Nigeria
Mine Ban Policy
Policy
The Federal Republic of Nigeria acceded to the Mine Ban Treaty on 27 September 2001, and the treaty entered into force for the country on 1 March 2002.
Nigeria has stated since 2004 that it is in the process of enacting national legislation to implement the treaty. In its last Article 7 report, submitted in 2012, Nigeria again stated, “Domestication of MBT [Mine Ban Treaty] is in progress,” as it had also noted in its 2009 and 2010 reports.[1] Nigeria has not submitted any further Article 7 reports since 2012.

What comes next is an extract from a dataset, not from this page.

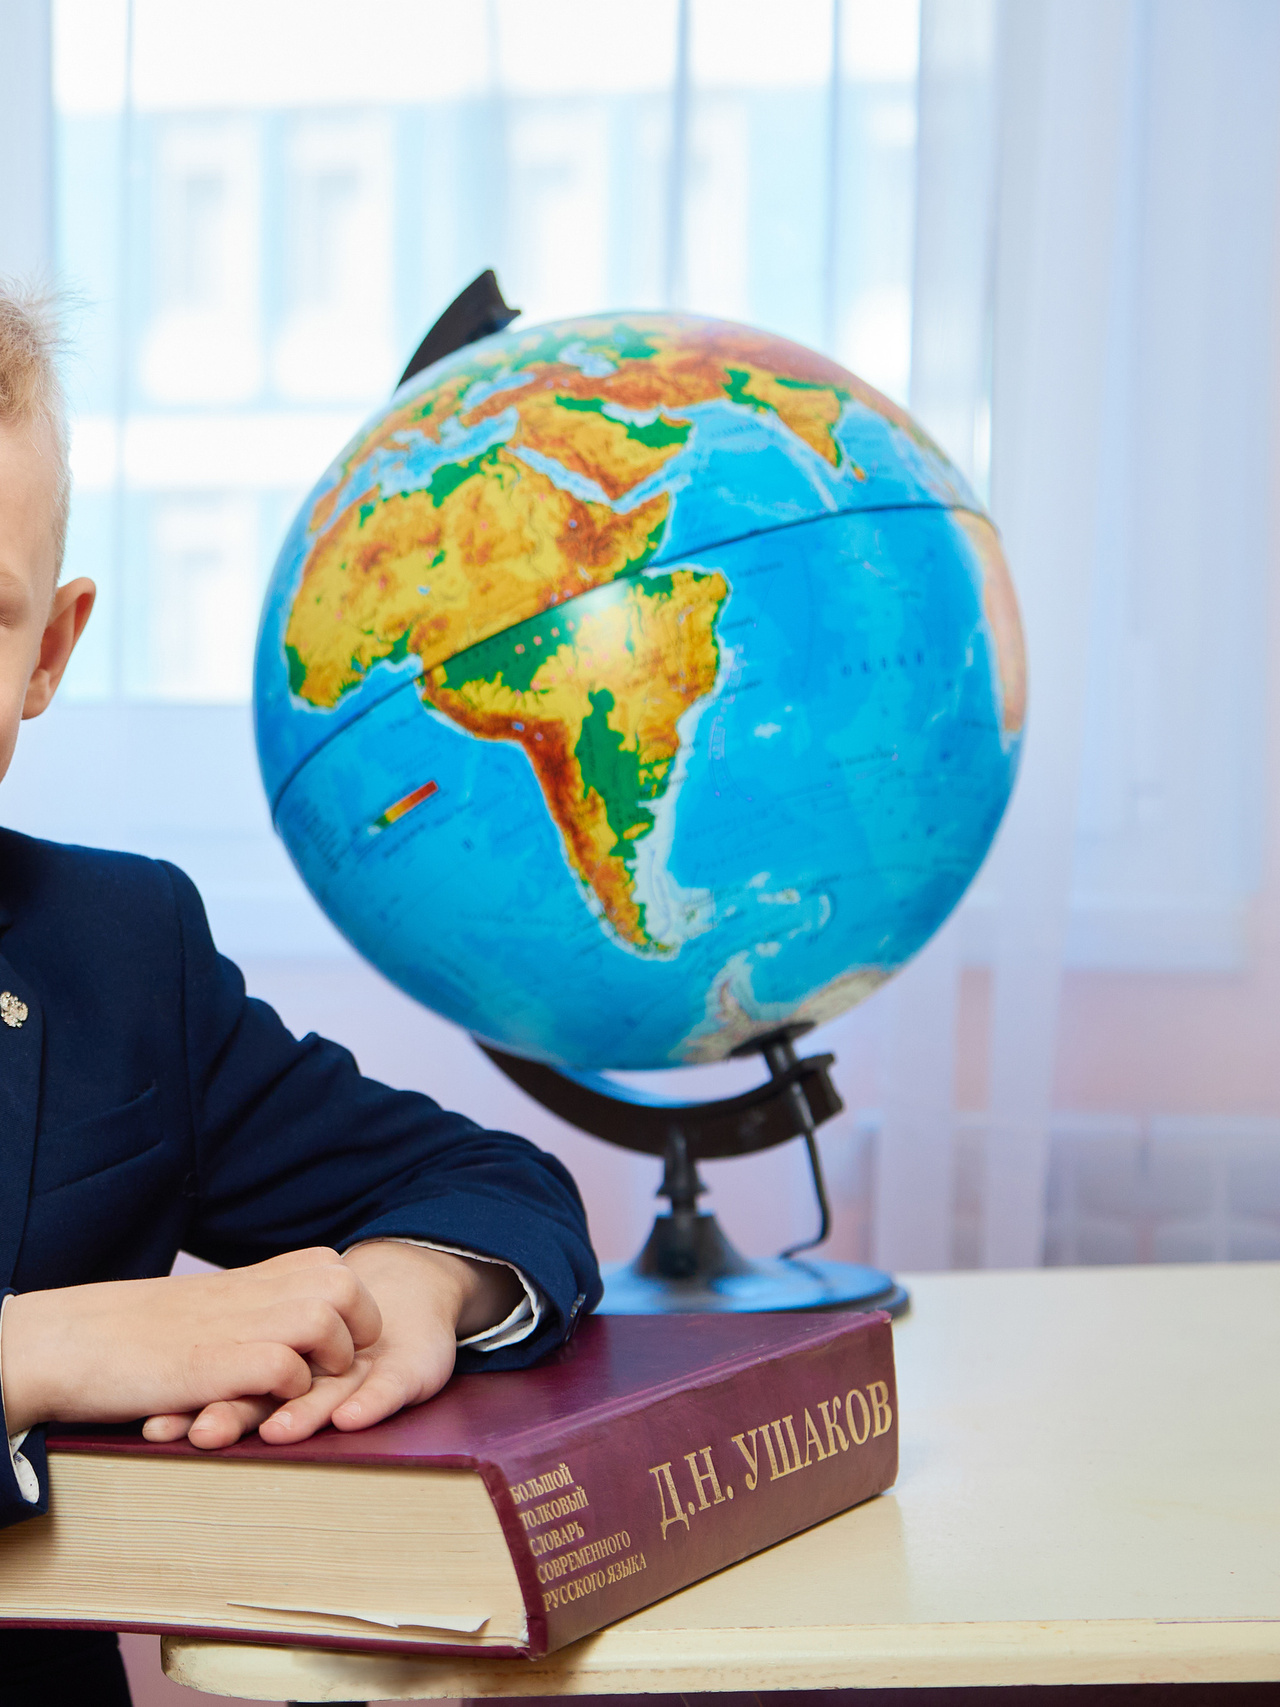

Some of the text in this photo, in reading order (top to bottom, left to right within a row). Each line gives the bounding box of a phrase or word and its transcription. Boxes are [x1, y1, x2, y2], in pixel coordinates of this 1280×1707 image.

The current status of national implementation legislation is not known. In September 2013, the Monitor was informed that a committee on international humanitarian law was considering the status of international instruments that Nigeria is party to or has yet to join. While consultations were ongoing, the implementing legislation for the Mine Ban Treaty had not yet been sent by the committee to parliament.[2] In 2006, Nigeria reported that an implementation bill was undergoing its first reading in the National Assembly.[3]
Nigeria attended the convention’s Fourth Review Conference in Oslo in November 2019, where it provided its first update on new use of landmines by a non-state armed group (NSAG). Nigeria did not attend the intersessional meetings held online in June–July 2020.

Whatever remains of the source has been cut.